Have I mentioned most of the potting soil here leaves much to be desired? As a result, over the past 6+ years, I’ve been experimenting with ways to enhance the soil I’ve been dealt to help my rooftop garden grow. Besides, freezing (to speed up the fiber break down) and then adding green kitchen scraps, augmenting the soil with sawdust and sand, I’ve added worm farming to my arsenal.
Back in early August, blogger buddy and gardening guru Chris and I, armed with our new red bins, headed out to Sikanda (just outside Santa María del Tule) to purchase and be schooled in earthworm (lombriz, en español) farming.
Our goal was to provide a nurturing environment for earthworms to go forth and multiply and to produce worm casting (aka: vermicompost, worm humus, worm manure) to enrich our soil. Since then, I’ve spent the last five months keeping their home moist and feeding my worms more green kitchen waste, coffee grounds and tea leaves, and garden clippings. Saturday, I finally harvested my first castings.
There are several ways to separate the worms from their castings. I chose the photosensitivity filter method — laying cheesecloth over another bin filled with compost and placing it in the sun, I transferred a thin layer of my worms and their castings onto the cheesecloth.
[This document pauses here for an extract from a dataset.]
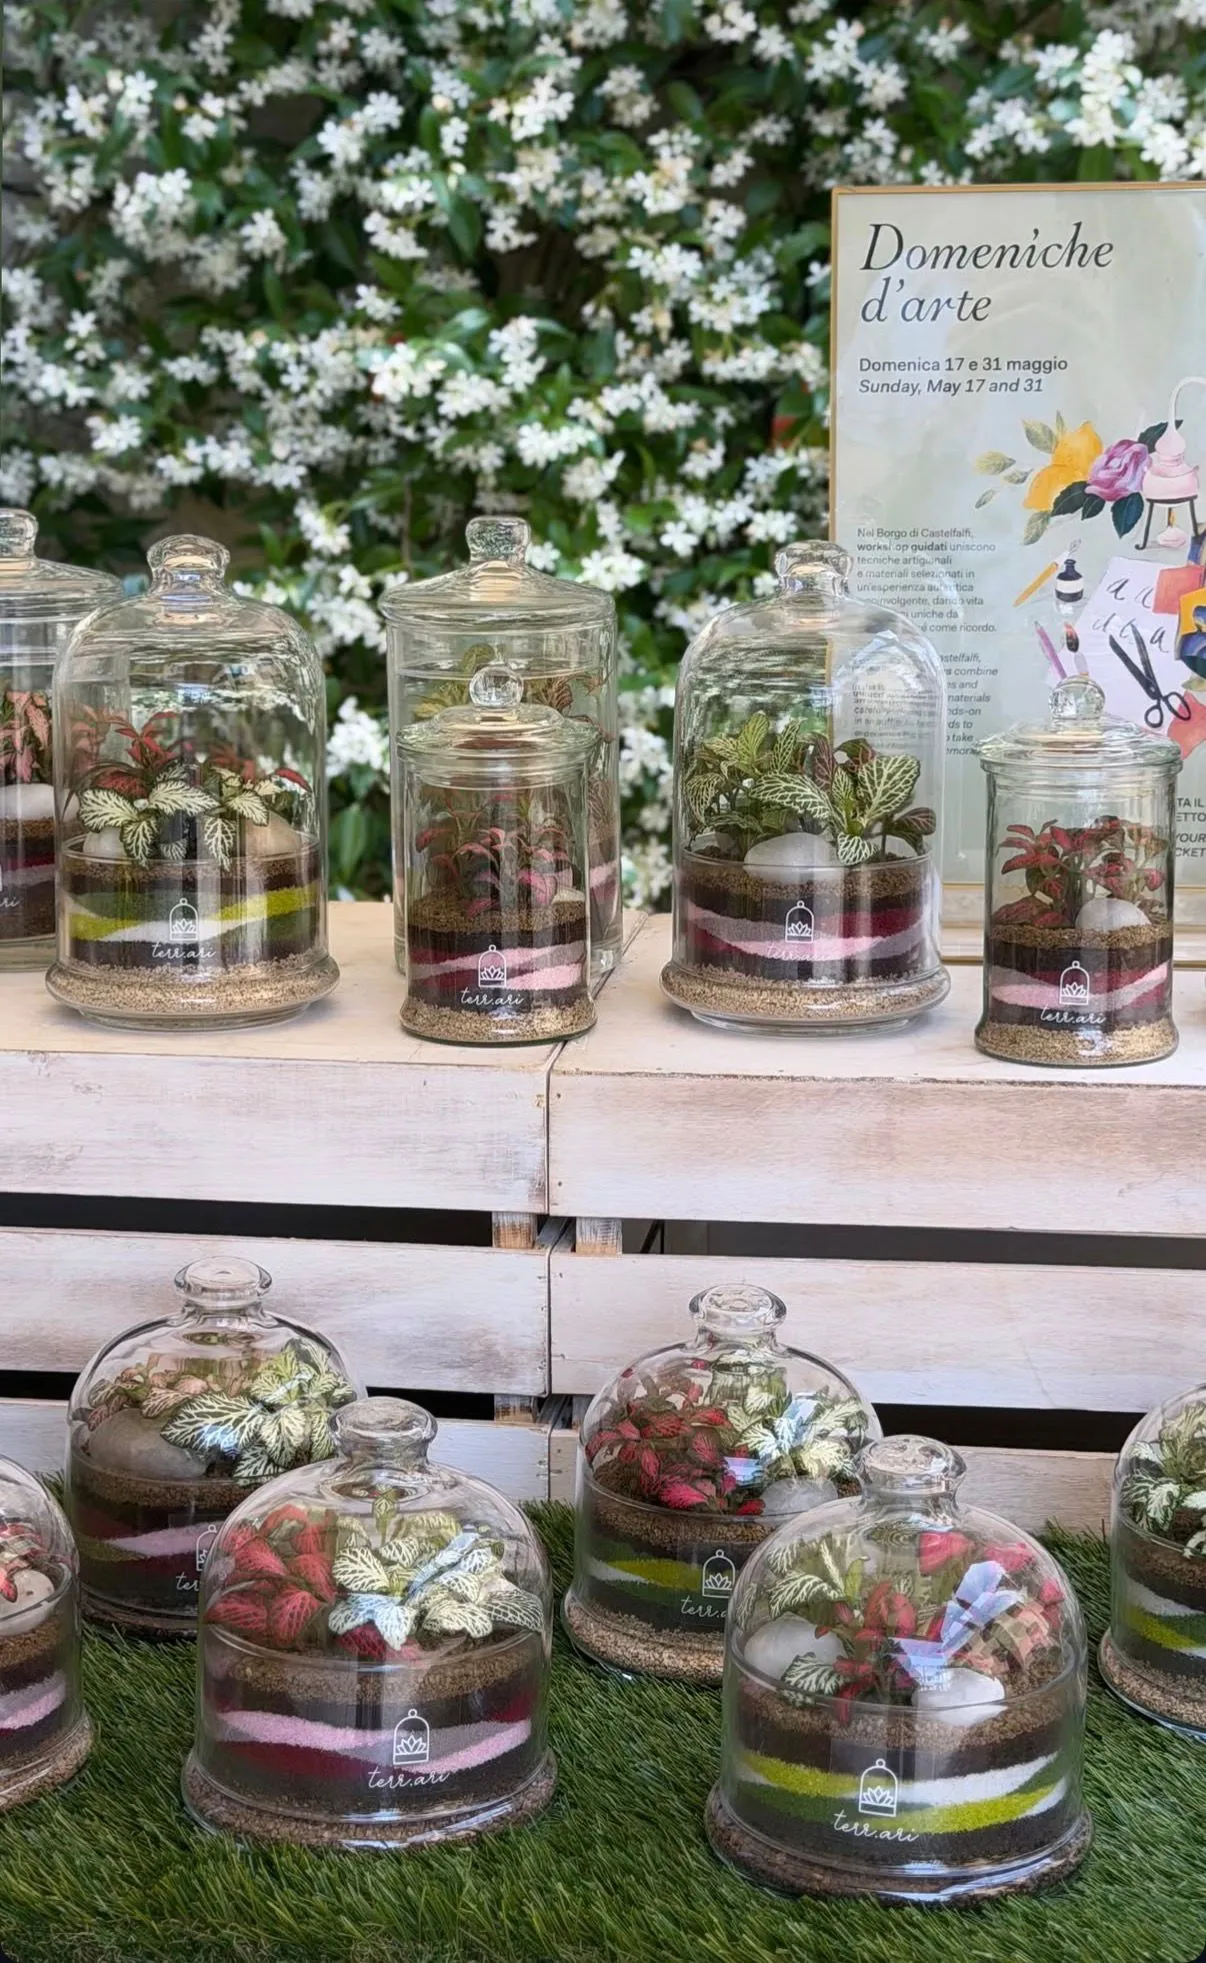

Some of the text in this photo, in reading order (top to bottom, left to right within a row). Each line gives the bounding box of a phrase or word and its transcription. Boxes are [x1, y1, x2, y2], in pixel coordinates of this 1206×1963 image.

Earthworms hate the sun and most quickly started burrowing down through the cheesecloth in search of cool moist darkness.. Once the worms had made their way into the moist compost of their new home (stragglers received hand-picked assistance), I removed the cheesecloth, now filled with worm-free castings, and dumped it onto my sifter, where I sifted the nutrient rich castings into my soil bin.
It’s rather time-consuming, but what else did I have to do on a Saturday? It was well worth it and I get to do it all again in three to five months!
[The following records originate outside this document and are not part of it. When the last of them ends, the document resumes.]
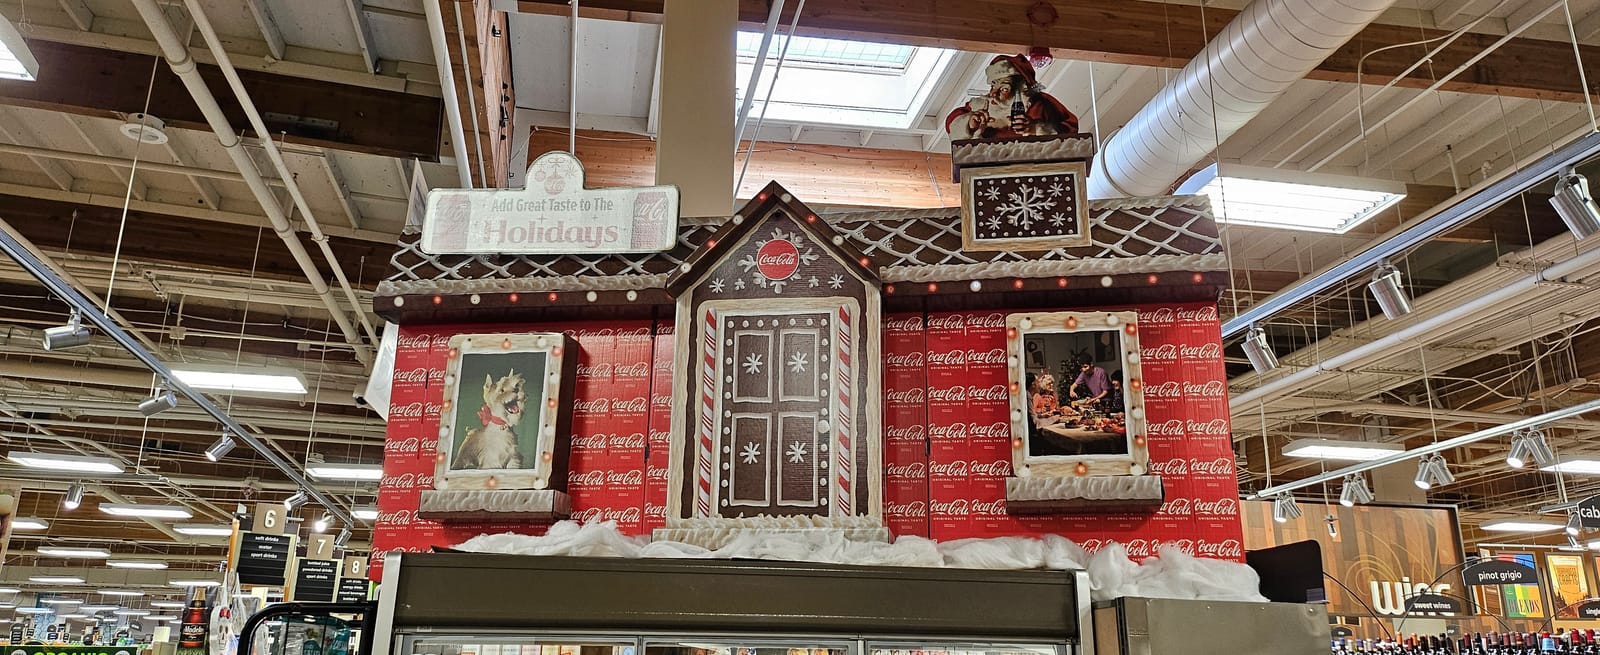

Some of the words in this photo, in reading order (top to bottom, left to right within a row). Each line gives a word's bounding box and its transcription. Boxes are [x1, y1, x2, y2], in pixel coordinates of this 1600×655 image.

[491, 199, 512, 212] Add
[516, 198, 546, 212] Great
[549, 198, 576, 211] Taste
[580, 199, 590, 210] to
[593, 197, 614, 210] The
[484, 220, 618, 248] Holidays
[759, 253, 796, 266] Coca-Cola
[1139, 308, 1174, 322] ca-Cola
[1140, 344, 1177, 359] ca-Cola
[1142, 382, 1180, 397] ca-Cola
[1147, 419, 1184, 435] ca-Cola
[1150, 458, 1187, 475] ca-Cola
[264, 510, 276, 528] 6
[318, 539, 326, 554] 7
[352, 560, 360, 573] 8
[1478, 571, 1499, 582] pinot
[1500, 570, 1522, 581] grigio
They look like lovely, healthy worms!
Yes! Checking on them today, they look very happy in their new box with lots of compost to process. And, their old box has been transformed into a new compost box.
Shannon, nothing has added more to my garden than worm composting. Here’s the system that I purchase http://www.worm-composting.ca/ I live on Bowen Island just outside Vancouver BC Canada. Kitchen scraps to the most fertile soil amendment loaded with beneficial micro organisms.
I’m really pleased with the results so far and it really has been so easy and inexpensive!
Oaxaca and worms? Just missing the mezcal!
Hmmm….Oaxaca and worms, salud???
…and I thought Oaxaca worms were destined for the bottle as alluded to, by Mr. Davies 😉 ok ; perhaps their composting contribution :} ??
typo …sorry…. left out “after” before their composting…cont….
Nope, lombrisas are in no danger of getting “pickled” — that’s for gusanos!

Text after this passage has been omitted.